Bill C-51 is purportedly a response from the government to issues of public safety. I will start off by saying that I am very skeptical about the Conservative government's aims and objectives. When we look at its actual safety record, we see cause for some real concern about whether or not the government actually takes the safety of Canadians seriously. We just have to look at the cutbacks in food safety, the tragedy of Lac-Mégantic because of lax rail safety standards, and the ongoing tragedy of 1,200 missing and murdered indigenous women in this country, about which the government has refused to do anything. That underscores for so many Canadians across the country some real skepticism about the government's concern about the safety of Canadians.
Second, Bill C-51, in many people's eyes, is seen as a highly partisan reaction. In a sense, Bill C-51 is being brought forward by the government, but not because it is really concerned about the safety issues and the number of times it has fallen far short of guaranteeing the safety of Canadians in the areas I have just mentioned, namely the missing and murdered indigenous women, food safety, and rail safety. This makes people skeptical about the real aims of Bill C-51. Many people believe it is a highly partisan reaction from a highly partisan Prime Minister, and what the Conservatives are trying to do is change the channel from what has been, according to the chief of the Bank of Canada, an atrocious economic performance on the part of the government.
That is not for consideration today, but it is something that, to many Canadians' minds, underscores why Bill C-51 is so problematic.
It is well documented. It has not just been the NDP that has opposed this, even though the Liberal Party is, tragically, supporting Bill C-51. It is also the fact that, across the country, we have seen an unprecedented outpouring of concern.

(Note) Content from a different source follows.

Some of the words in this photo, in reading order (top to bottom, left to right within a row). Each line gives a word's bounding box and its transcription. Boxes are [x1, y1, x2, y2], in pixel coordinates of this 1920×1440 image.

Over 100 of Canada's leading law professors, 100 of the most skilled law professors in the country, those legal minds that in a very real sense train the future generations of legal scholars, have all come out in opposition to Bill C-51. The Canadian Bar Association, tens of thousands of Canadian lawyers, has come out in opposition. Many human rights groups have come out in opposition. They have all raised similar concerns.

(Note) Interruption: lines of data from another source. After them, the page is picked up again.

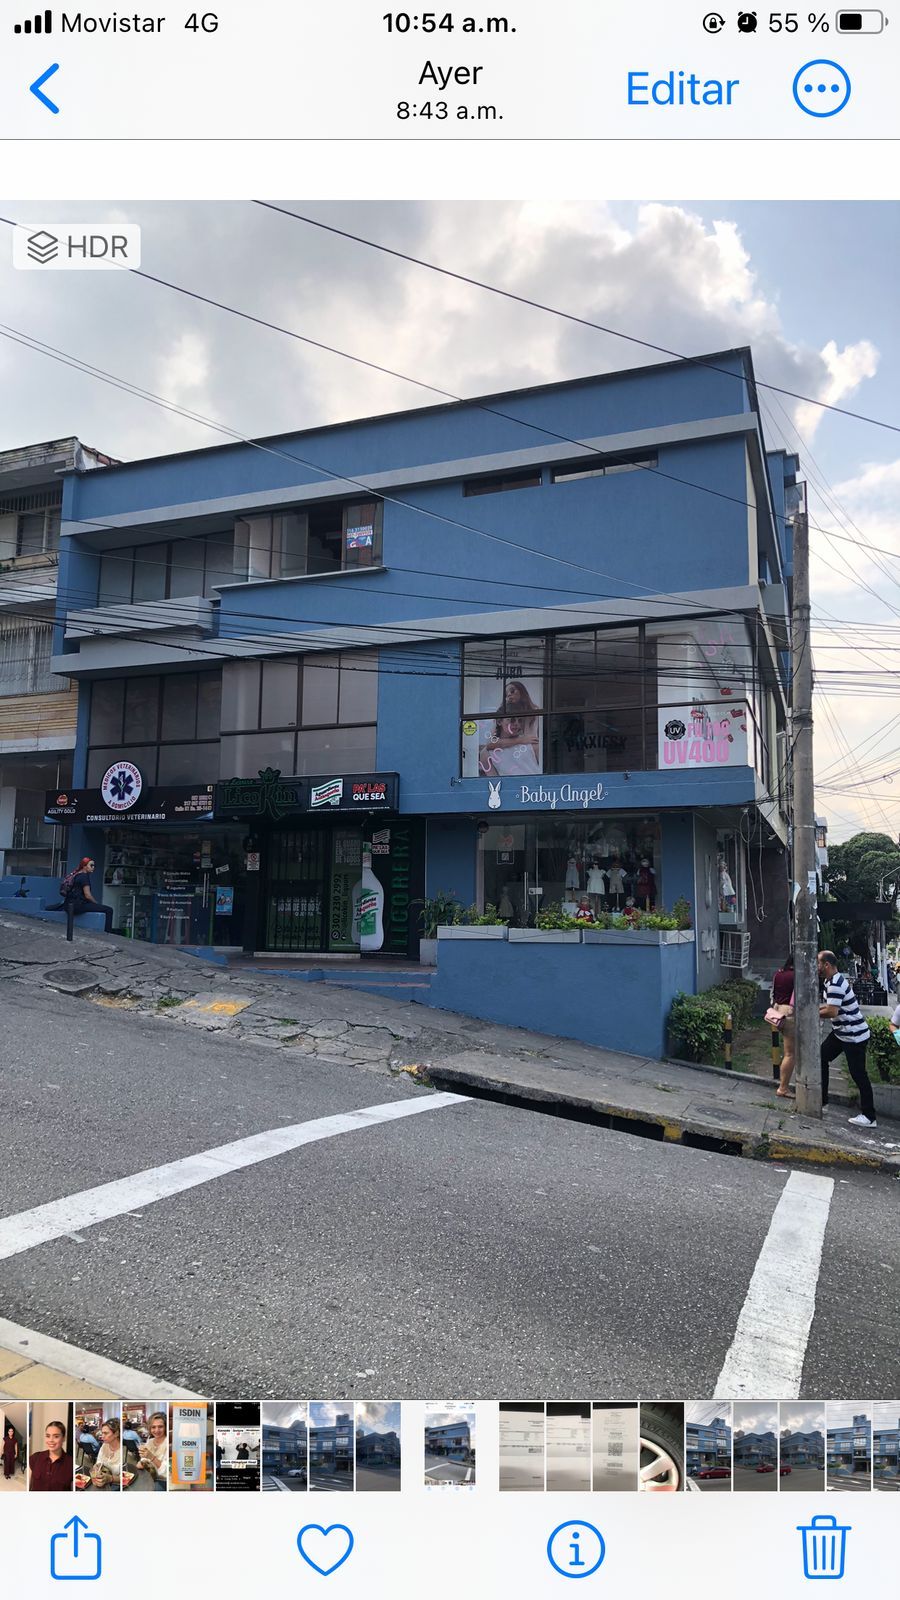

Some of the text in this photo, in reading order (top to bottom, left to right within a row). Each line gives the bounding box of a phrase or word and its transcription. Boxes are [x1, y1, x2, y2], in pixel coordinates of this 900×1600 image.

[62, 12, 218, 33] Movistar 4G
[383, 13, 517, 33] 10:54 a.m.
[769, 13, 830, 33] 55 %
[418, 61, 484, 91] Ayer
[628, 71, 740, 106] Editar
[397, 101, 504, 120] 8:43 a.m.
[67, 235, 129, 258] HDR
[669, 726, 681, 735] UV
[663, 740, 730, 765] UV400
[353, 792, 386, 801] QUE SEA
[367, 783, 386, 792] LAS
[520, 782, 605, 809] Baby Angel
[126, 813, 166, 821] VETERINARIO
[180, 1408, 201, 1418] ISDIN
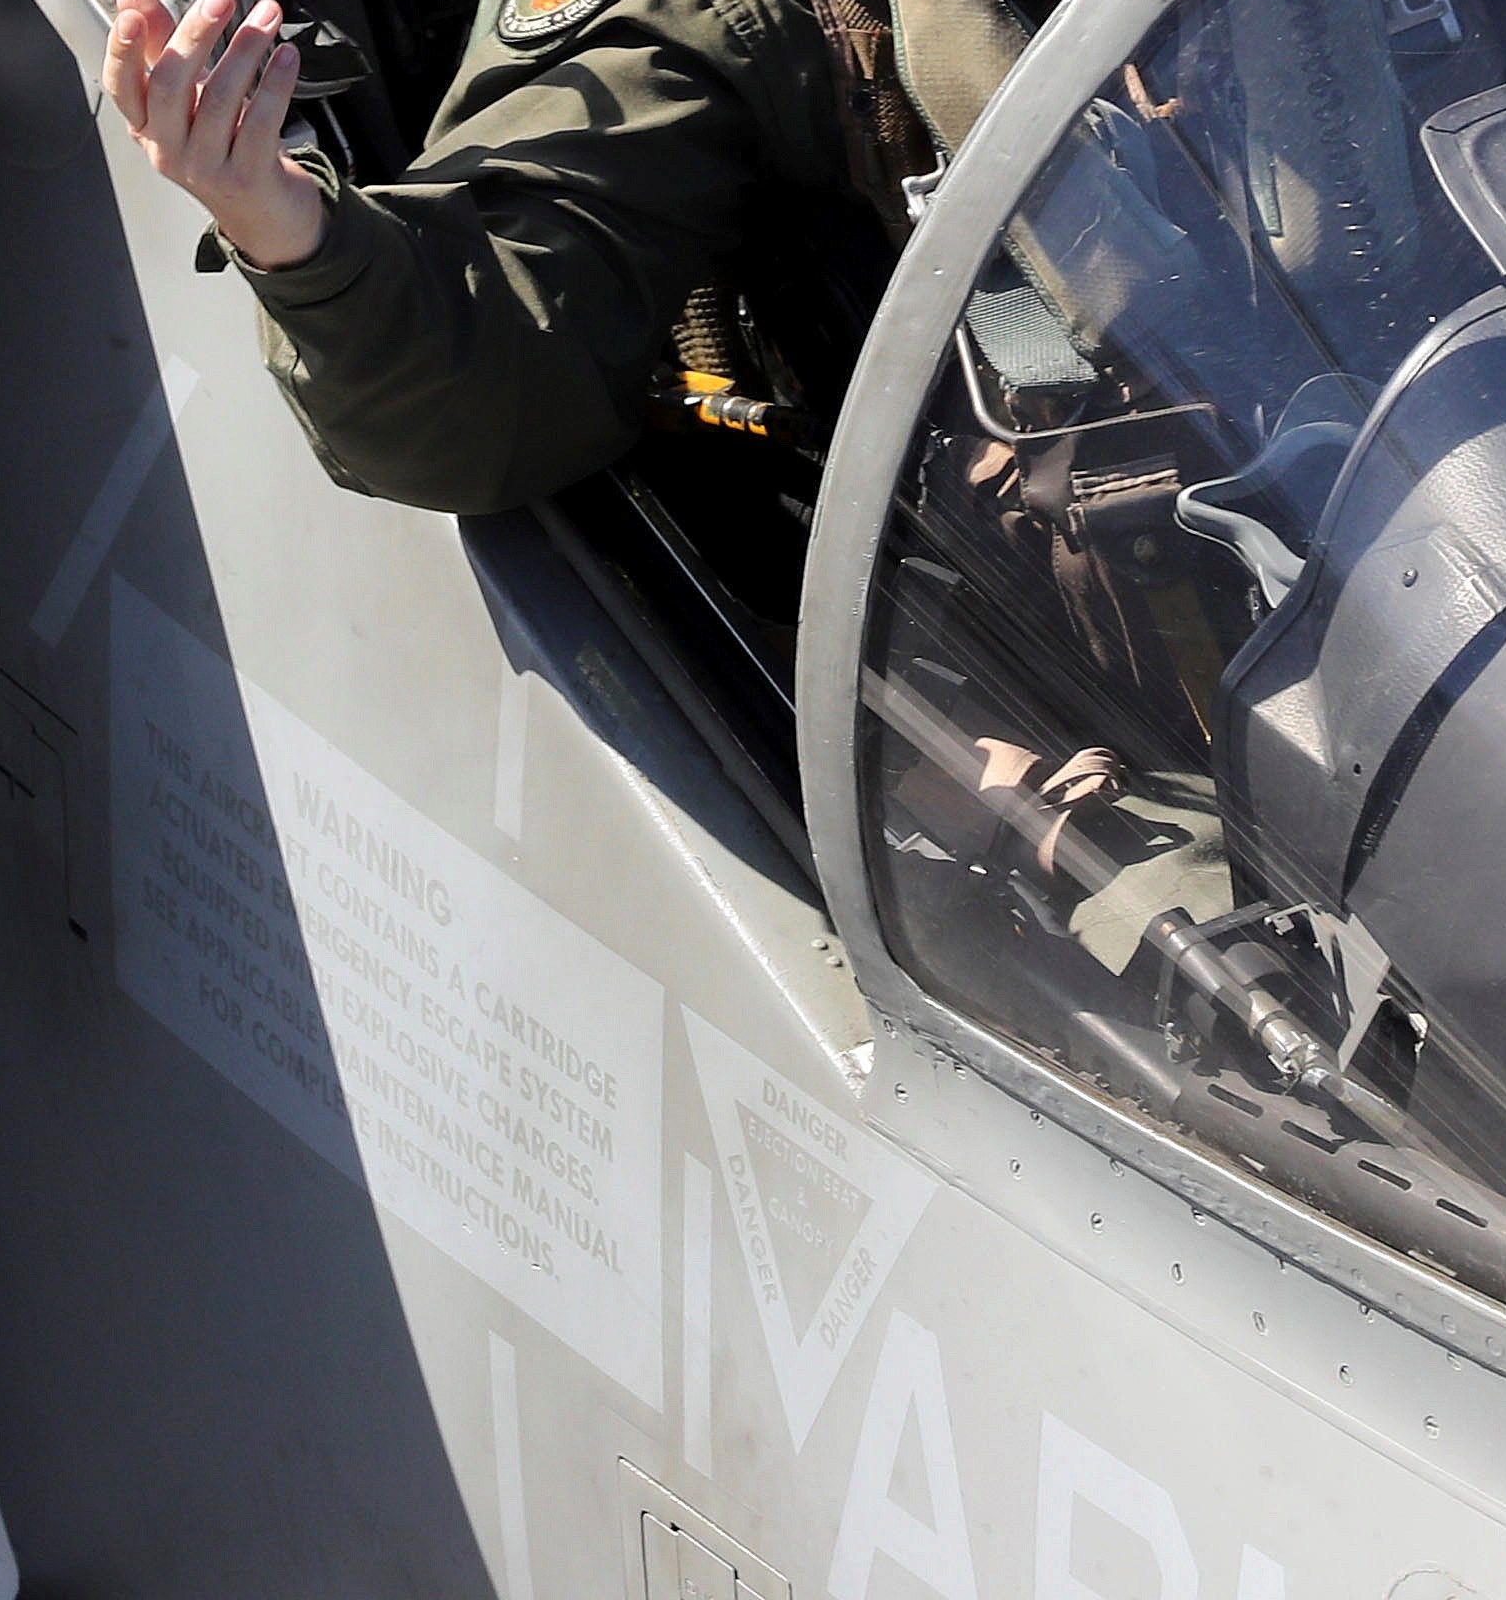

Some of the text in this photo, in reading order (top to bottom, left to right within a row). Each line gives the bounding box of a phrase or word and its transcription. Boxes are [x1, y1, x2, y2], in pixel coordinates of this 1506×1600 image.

[145, 718, 619, 1110] THIS AIRCRAFT CONTAINS A CARTRIDGE
[293, 772, 452, 927] WARNING
[149, 781, 614, 1163] ACTUATED EMERGENCY ESCAPE SYSTEM
[161, 838, 600, 1206] EQUIPPED WITH EXPLOSIVE CHARGES.
[144, 877, 624, 1277] SEE APPLICABLE MAINTENANCE MANUAL
[199, 974, 563, 1282] FOR COMPLETE INSTRUCTIONS.
[761, 1080, 849, 1162] DANGER
[727, 1154, 781, 1304] DANGER
[746, 1118, 861, 1212] EJECTION SEAT
[768, 1198, 837, 1253] CANOPY
[819, 1247, 879, 1351] DANGER

It is important to note that the bill was rammed through the House of Commons. We can recall that the government introduced closure after only a couple of hours of debate. The Conservatives wanted to ram it through as quickly as possible. Then it was brought to the public safety committee, where the committee used what can only be considered completely unparliamentary tactics to throw out the rule book, to throw out House of Commons Procedure and Practice, under which we are governed, the bible under which we are supposed to govern our actions. They threw that out and basically imposed a very shortened witness list that did not even include people such as the Privacy Commissioner, who obviously has a real stake in bringing forward recommendations around how a bill might be treated.
After all of that, the government only permitted a short list of 48 witnesses. That was perhaps a quarter of the number of witnesses who wanted to come before the committee. Of those 48 witnesses, 45 actually stated that oversight was a major problem with this bill. The lack of oversight was a fundamental flaw.
Of those I mentioned a little bit earlier, 25 of the 28 Conservative witnesses said the same thing. These were witnesses brought forward by the Conservatives. The Conservative side of the House recommended these witnesses. We know how narrow the scope is for Conservative witnesses at committee. The Conservatives only hear witnesses they believe are going to enhance their particular ideological world view.
We had 90% of Conservative witnesses, 95% of witnesses overall, all saying the same thing, which was that oversight needed to be enhanced. Many of those witnesses raised as well the concern around having the Canadian government actively working to counter radicalization.
Even with that smaller group of witnesses permitted by the government, one-quarter of the witnesses that should have been brought forward to committee, they virtually all said the same thing, which was that we needed to enhance oversight and ensure that the government works with Canadian communities to counter radicalization.
That is why the NDP, as the official opposition, is bringing forward this motion of instruction today. What we are saying is that the committee, which has had a Conservative majority up until now, is almost certainly a rogue committee. It has thrown out the rule book. I have come before you before, Mr. Speaker, to raise concerns about how the rule book has not been followed. They threw out the rule book, and I believe, and the NDP official opposition believes, that we, as a House, have to give very clear direction that permits the committee to look at expanding the scope of the bill to bring forward those two components: ensuring that the government works with Canadian communities to counter radicalization and enhancing oversight of Canadian security and intelligence agencies.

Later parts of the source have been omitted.